INPUT MATERIAL:
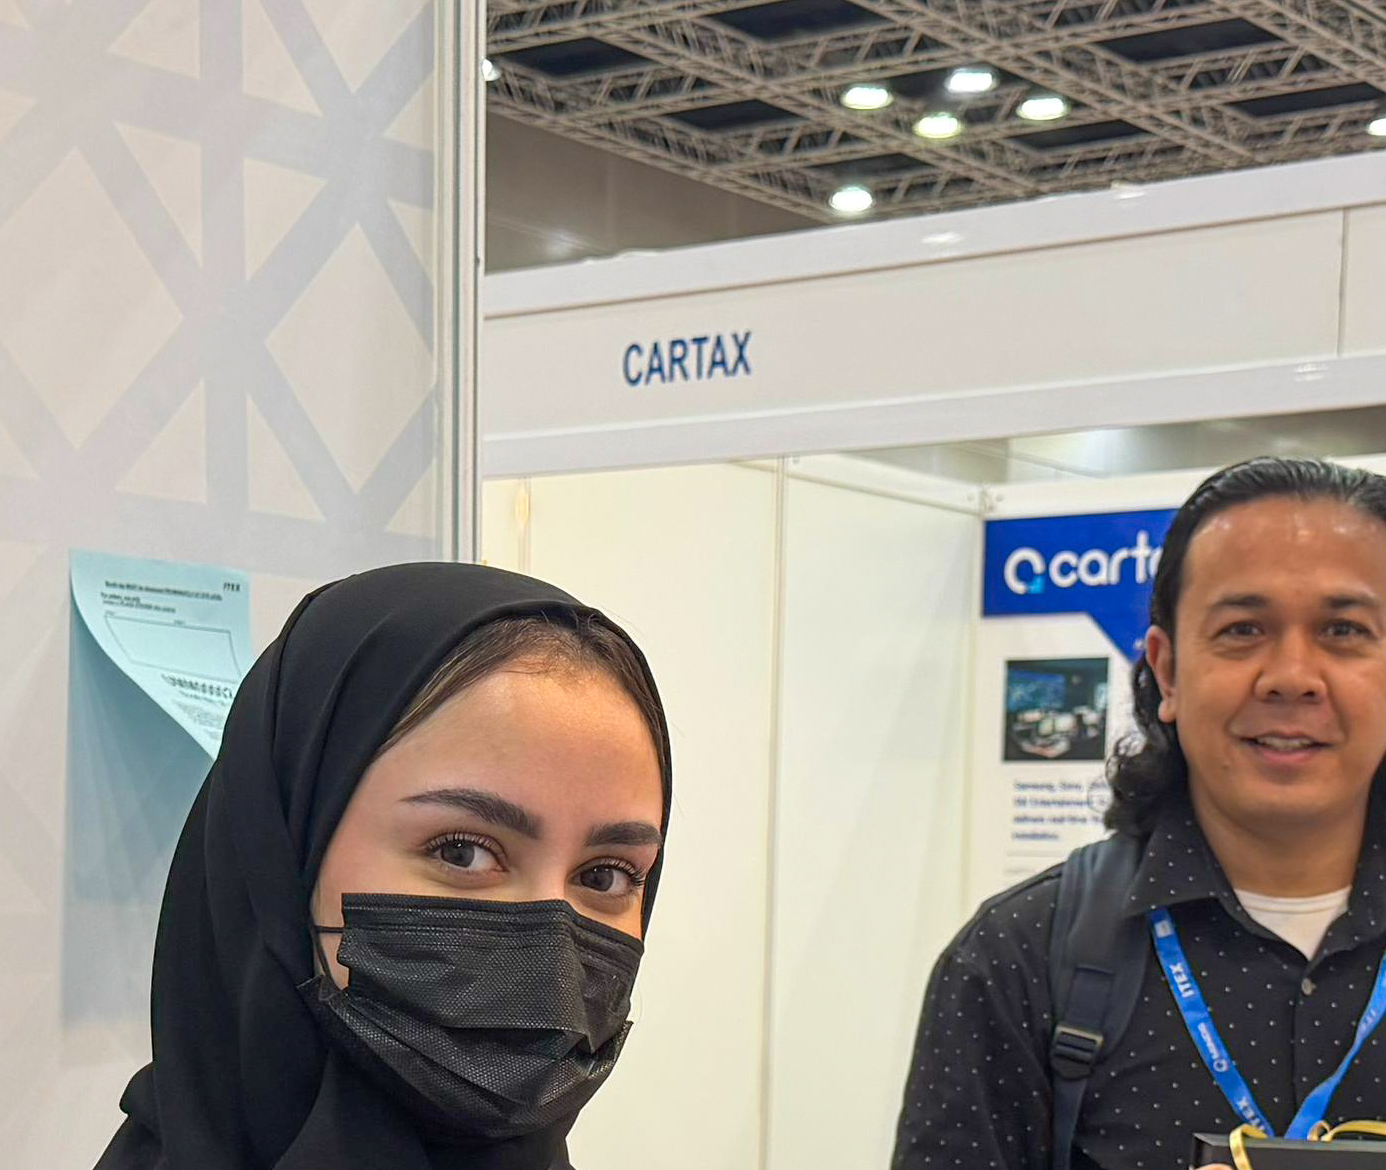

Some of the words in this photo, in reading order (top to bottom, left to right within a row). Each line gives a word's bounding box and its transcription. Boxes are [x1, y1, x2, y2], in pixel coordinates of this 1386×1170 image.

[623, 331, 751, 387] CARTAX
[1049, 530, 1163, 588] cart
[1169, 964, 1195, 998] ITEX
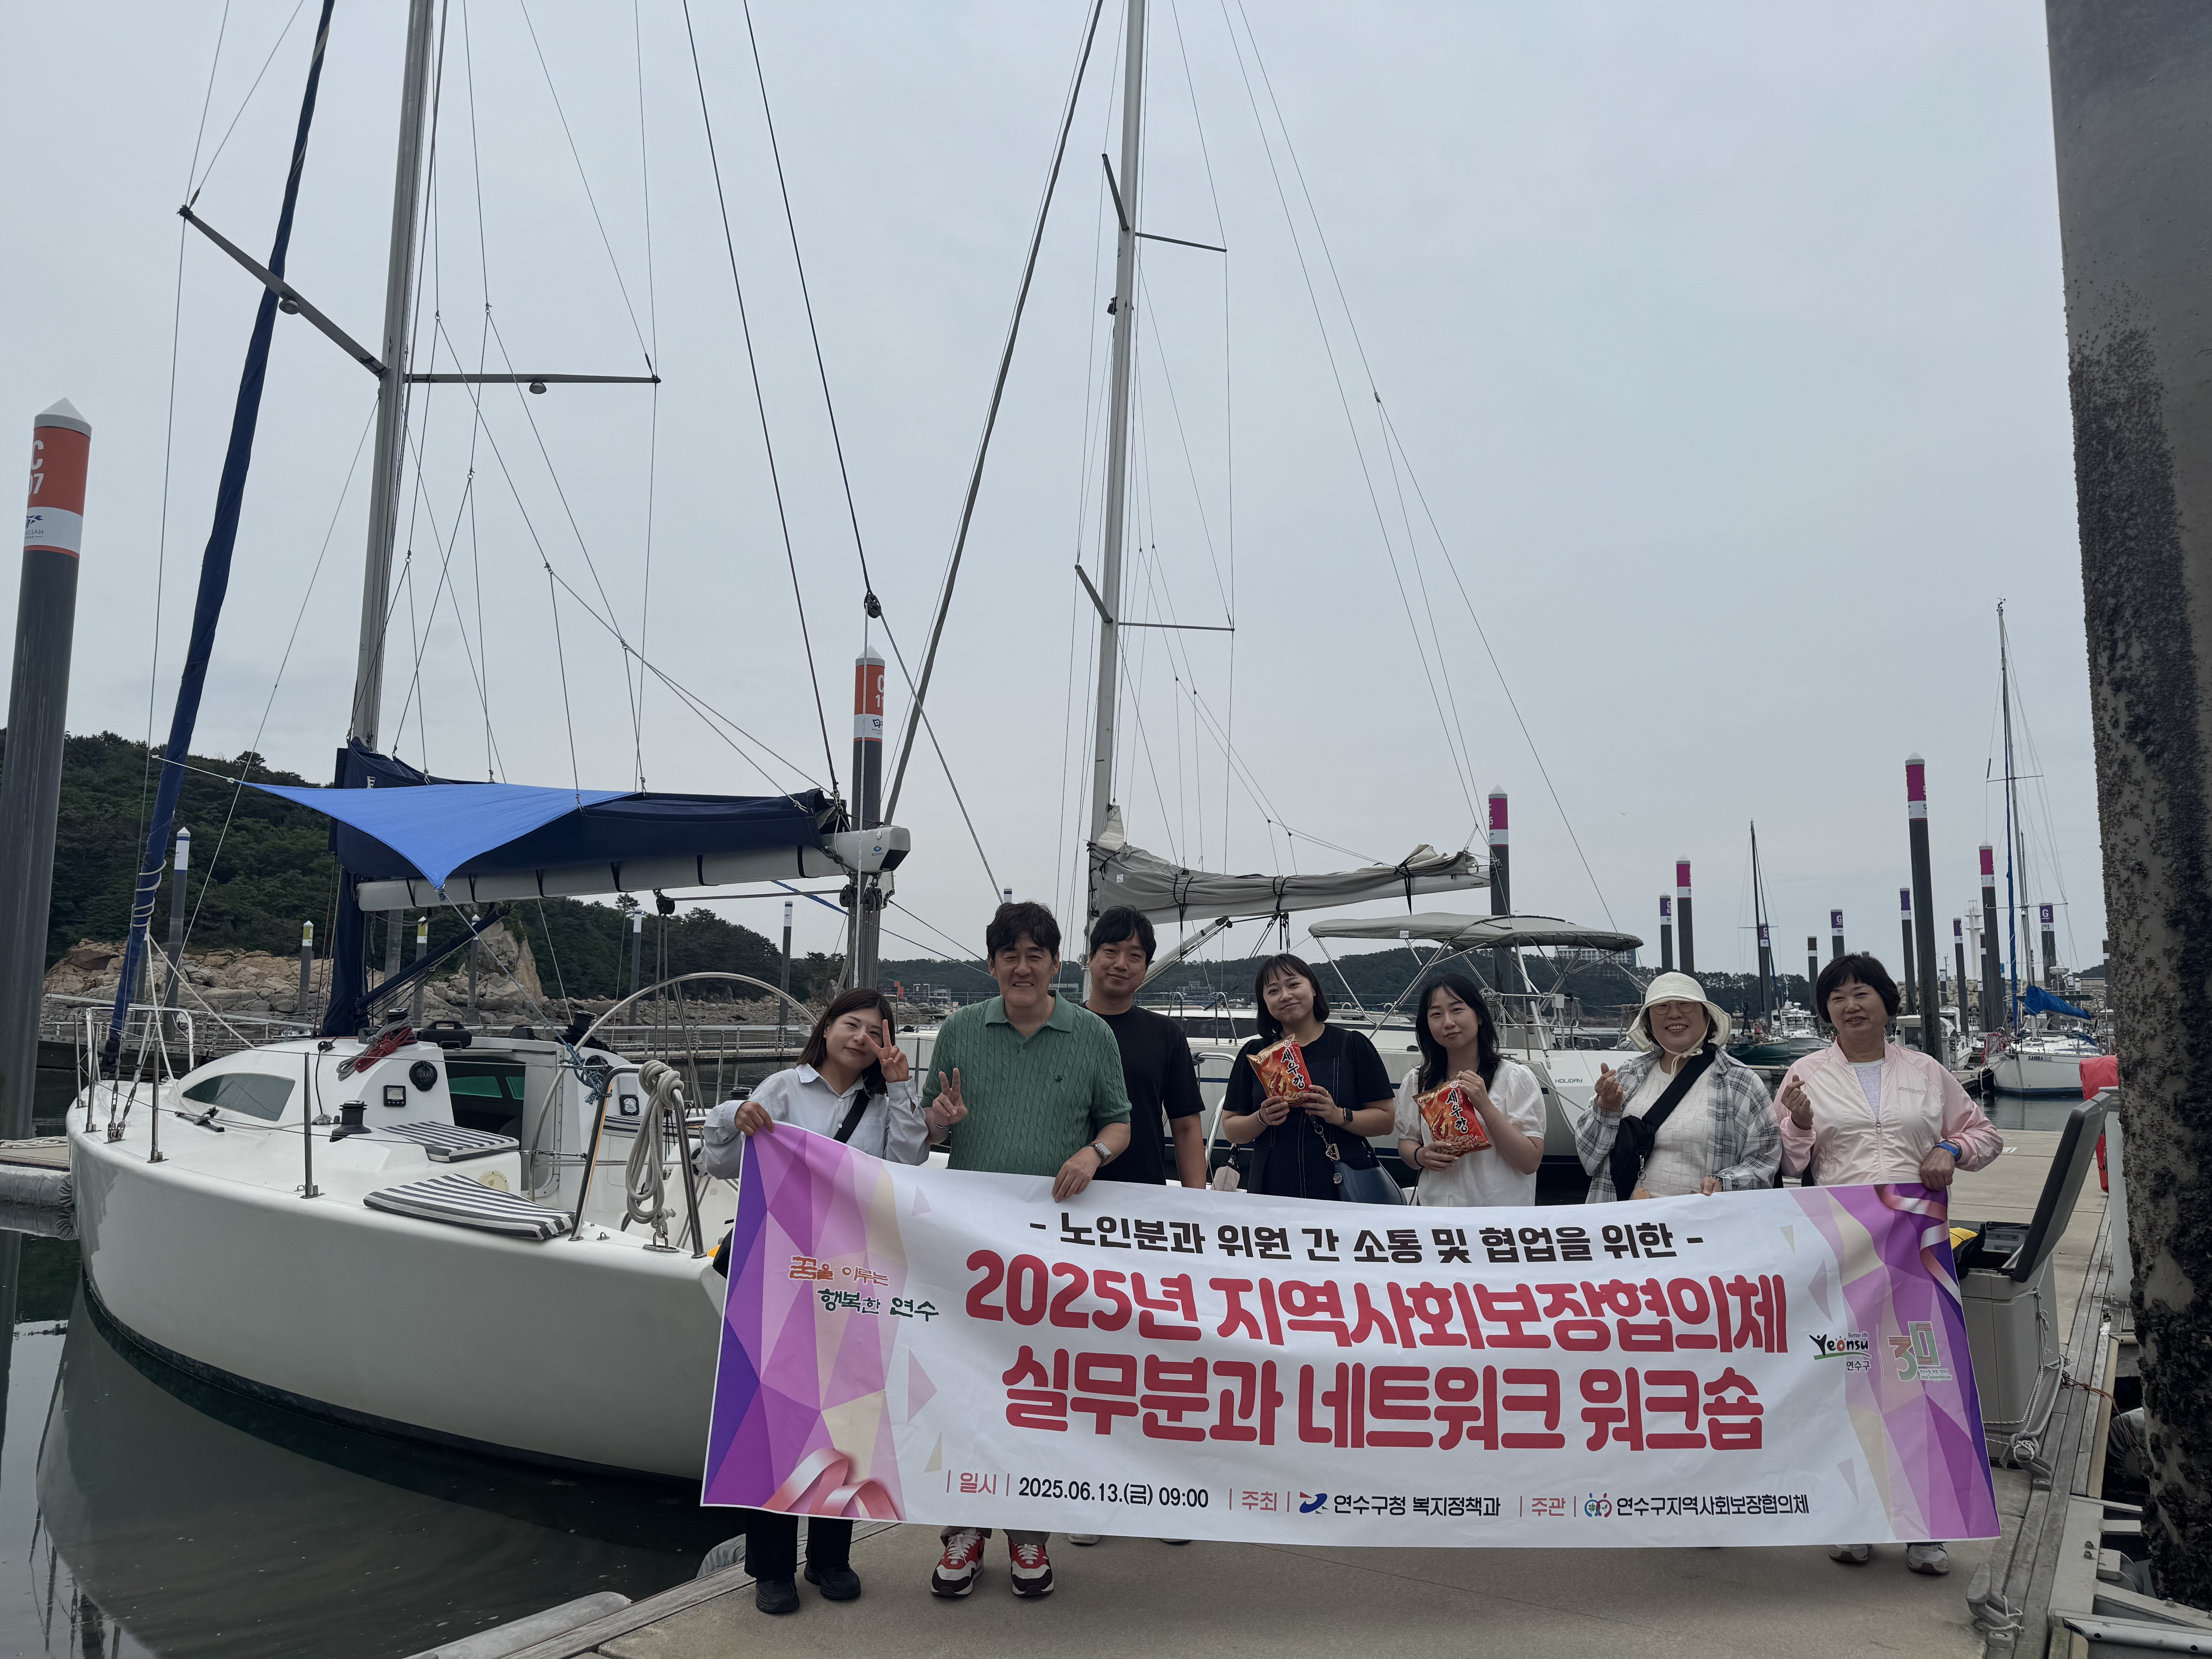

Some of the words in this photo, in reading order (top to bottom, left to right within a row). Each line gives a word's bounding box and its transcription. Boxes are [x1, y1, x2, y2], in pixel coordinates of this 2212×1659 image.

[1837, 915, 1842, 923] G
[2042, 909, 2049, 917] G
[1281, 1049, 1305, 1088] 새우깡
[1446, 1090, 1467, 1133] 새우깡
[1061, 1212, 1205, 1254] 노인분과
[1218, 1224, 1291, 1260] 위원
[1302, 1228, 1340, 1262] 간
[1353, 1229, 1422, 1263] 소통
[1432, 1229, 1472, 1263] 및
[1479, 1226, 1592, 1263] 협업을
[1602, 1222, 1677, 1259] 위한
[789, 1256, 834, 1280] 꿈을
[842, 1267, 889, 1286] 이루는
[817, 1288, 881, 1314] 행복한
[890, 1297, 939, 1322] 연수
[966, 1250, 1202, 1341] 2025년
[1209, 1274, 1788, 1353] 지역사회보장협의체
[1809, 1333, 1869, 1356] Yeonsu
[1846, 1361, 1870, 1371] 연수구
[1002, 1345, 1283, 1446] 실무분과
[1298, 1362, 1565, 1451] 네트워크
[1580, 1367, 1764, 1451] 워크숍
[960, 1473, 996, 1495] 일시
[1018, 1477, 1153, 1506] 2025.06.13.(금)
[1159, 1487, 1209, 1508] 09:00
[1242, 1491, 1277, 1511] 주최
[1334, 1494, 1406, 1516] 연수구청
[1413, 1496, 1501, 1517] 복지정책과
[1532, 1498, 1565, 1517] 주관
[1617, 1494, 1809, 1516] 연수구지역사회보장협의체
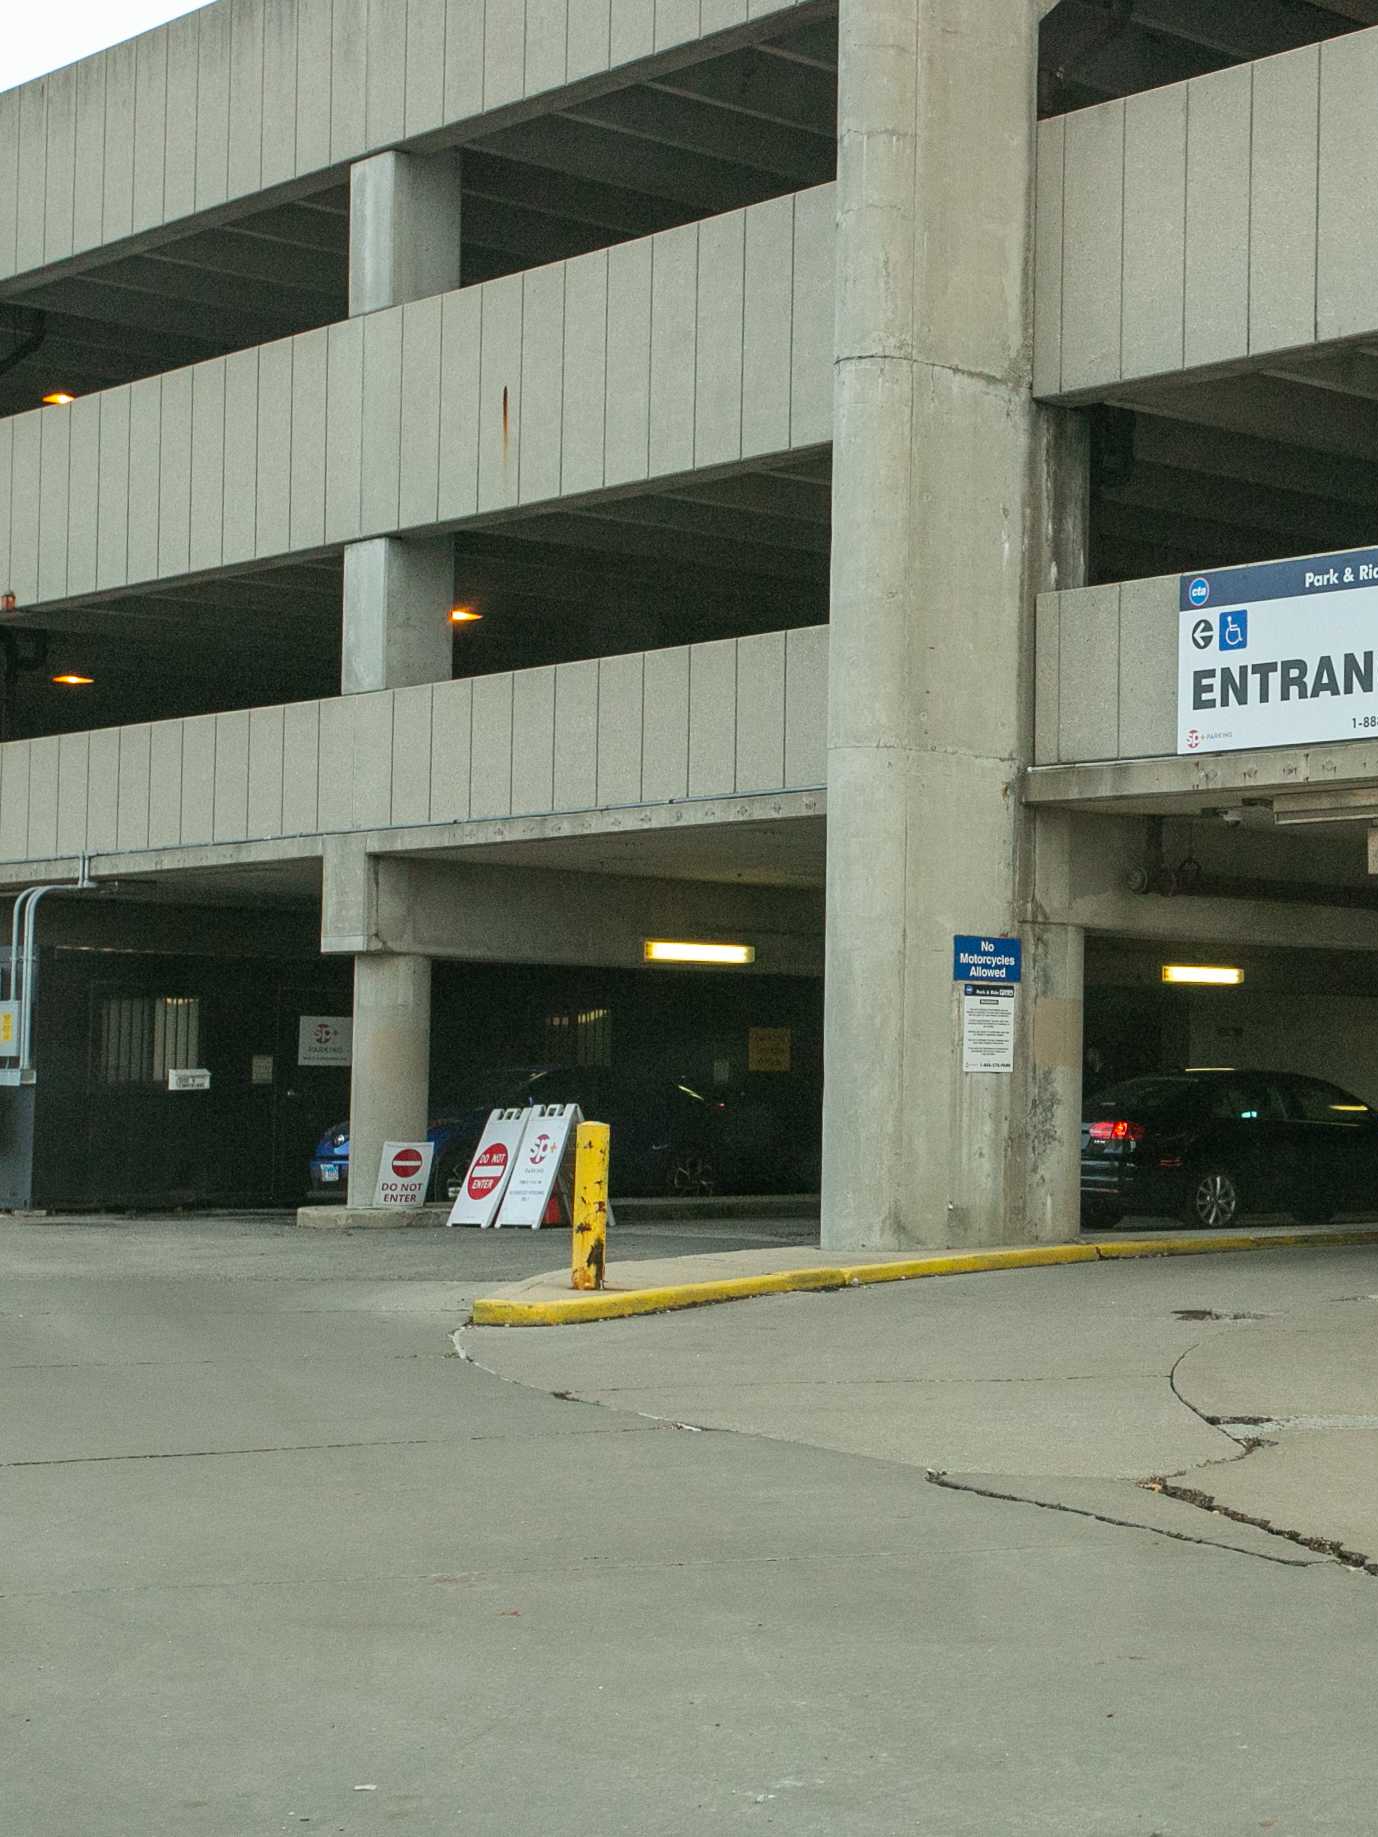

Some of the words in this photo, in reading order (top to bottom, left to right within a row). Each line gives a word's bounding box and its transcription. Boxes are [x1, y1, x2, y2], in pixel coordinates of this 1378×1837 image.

WHAT IS BEING ASKED:
Nothing but the lines from the one with "this 2212×1659 image." through the last line of the material above should appear in the answer, each copied exactly, with no pictures.

RESPONSE:
Some of the words in this photo, in reading order (top to bottom, left to right within a row). Each line gives a word's bounding box and its transcription. Boxes are [x1, y1, x2, y2], in pixel coordinates of this 2212×1659 image.

[1837, 915, 1842, 923] G
[2042, 909, 2049, 917] G
[1281, 1049, 1305, 1088] 새우깡
[1446, 1090, 1467, 1133] 새우깡
[1061, 1212, 1205, 1254] 노인분과
[1218, 1224, 1291, 1260] 위원
[1302, 1228, 1340, 1262] 간
[1353, 1229, 1422, 1263] 소통
[1432, 1229, 1472, 1263] 및
[1479, 1226, 1592, 1263] 협업을
[1602, 1222, 1677, 1259] 위한
[789, 1256, 834, 1280] 꿈을
[842, 1267, 889, 1286] 이루는
[817, 1288, 881, 1314] 행복한
[890, 1297, 939, 1322] 연수
[966, 1250, 1202, 1341] 2025년
[1209, 1274, 1788, 1353] 지역사회보장협의체
[1809, 1333, 1869, 1356] Yeonsu
[1846, 1361, 1870, 1371] 연수구
[1002, 1345, 1283, 1446] 실무분과
[1298, 1362, 1565, 1451] 네트워크
[1580, 1367, 1764, 1451] 워크숍
[960, 1473, 996, 1495] 일시
[1018, 1477, 1153, 1506] 2025.06.13.(금)
[1159, 1487, 1209, 1508] 09:00
[1242, 1491, 1277, 1511] 주최
[1334, 1494, 1406, 1516] 연수구청
[1413, 1496, 1501, 1517] 복지정책과
[1532, 1498, 1565, 1517] 주관
[1617, 1494, 1809, 1516] 연수구지역사회보장협의체

Some of the words in this photo, in reading order (top to bottom, left to right within a row). Each line gives a word's bounding box and its transcription. Boxes are [x1, y1, x2, y2], in pixel coordinates of this 1378×1837 image.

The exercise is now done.